Grigg installed as chieftain

- Sancho the Badger (1st Lieutenant of the Ladrones) (bass-baritone) – Richard Temple
- José the Buck (2nd Lieutenant of the Ladrones) (baritone) – M. R. Morand
- Inez de Roxas (Chieftainess of the Ladrones) (contralto) – Rosina Brandram
- Pedro Gomez (consulting lawyer, astrologer, and keeper of the archives of the Ladrones) (tenor) – Scott Russell
- Rita (an English lady engaged to Count Vasquez) (soprano) – Florence St. John
- Count Vasquez de Gonzago (A Spanish Noble) (tenor) – Courtice Pounds
- Mr. Peter Adolphus Grigg (a British tourist in search of the picturesque) (comic baritone) – Walter Passmore
- Dolly (Mrs.

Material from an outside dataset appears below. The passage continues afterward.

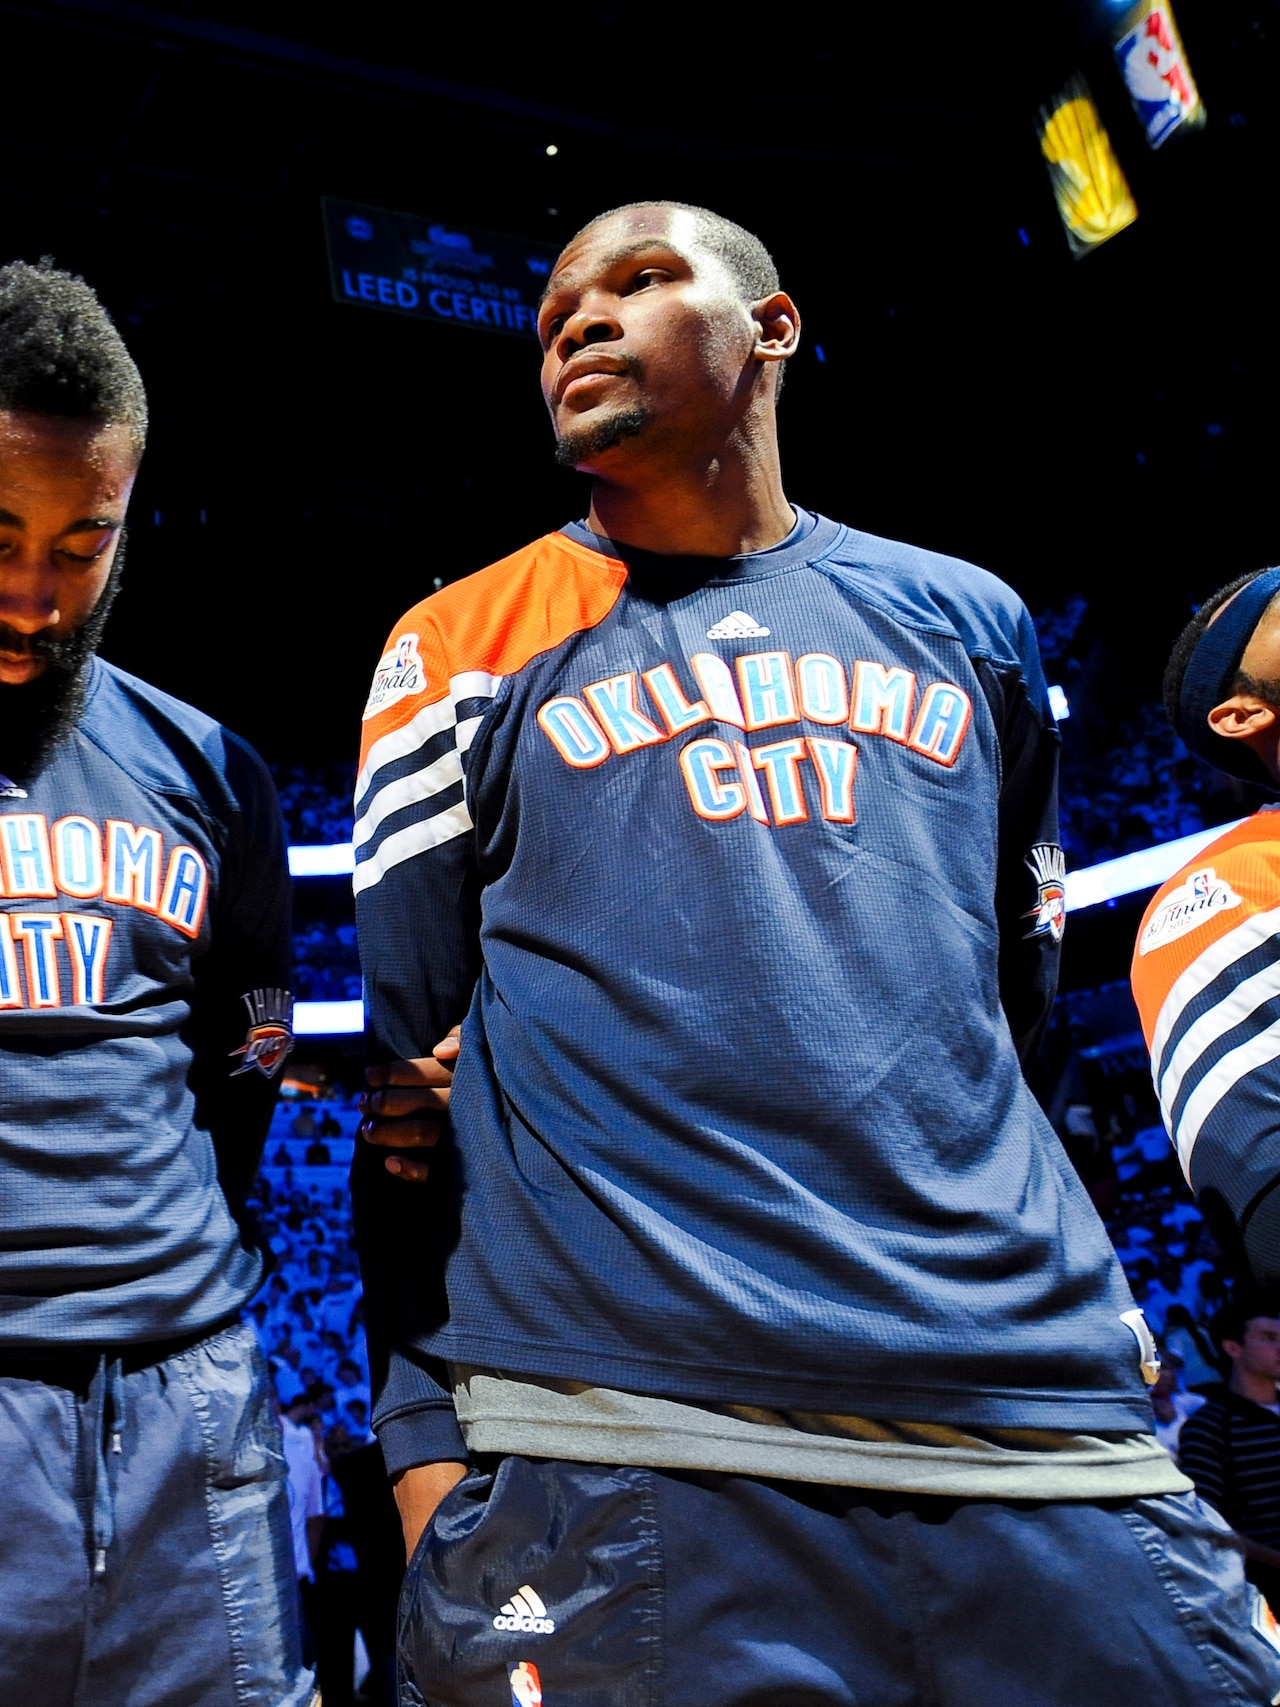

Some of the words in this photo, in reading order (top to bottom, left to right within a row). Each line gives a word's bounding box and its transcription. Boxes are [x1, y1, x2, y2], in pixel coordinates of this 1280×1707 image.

[342, 268, 420, 309] LEED
[536, 650, 972, 769] OKLAHOMA
[679, 736, 858, 827] CITY
[493, 1614, 555, 1634] adidas

Grigg, Peter A. Grigg's wife) (soprano) – Florence Perry
- Ferdinand de Roxas (Chieftain of the Ladrones, disguised as Pietro Slivinski, a Polish courier) (baritone) – Scott Fishe
Minor characters:
- Blazzo (baritone) – Bowden Haswell
- Escatero – Powis Pinder
- Pedrillo (a goatherd) – Master Snelson
- Juanita (the dancing girl of the Ladrones) (soprano) – Emmie Owen
- Maraquita (soprano) – Edith Johnston
- Anna (a camerista) – Ada Newall
- Zitella – Beatrice Perry
- Nina – Ethel Wilson

==Synopsis==

===Act I===
The action takes place in the mountains of Spain. Inez de Roxas is Queen of a gang of bandits, the Ladrones. Their Captain, Ferdinand de Roxas, has been missing for a year. The Law of the Ladrones holds that the first stranger who comes along will become their Chieftain and Inez's new husband.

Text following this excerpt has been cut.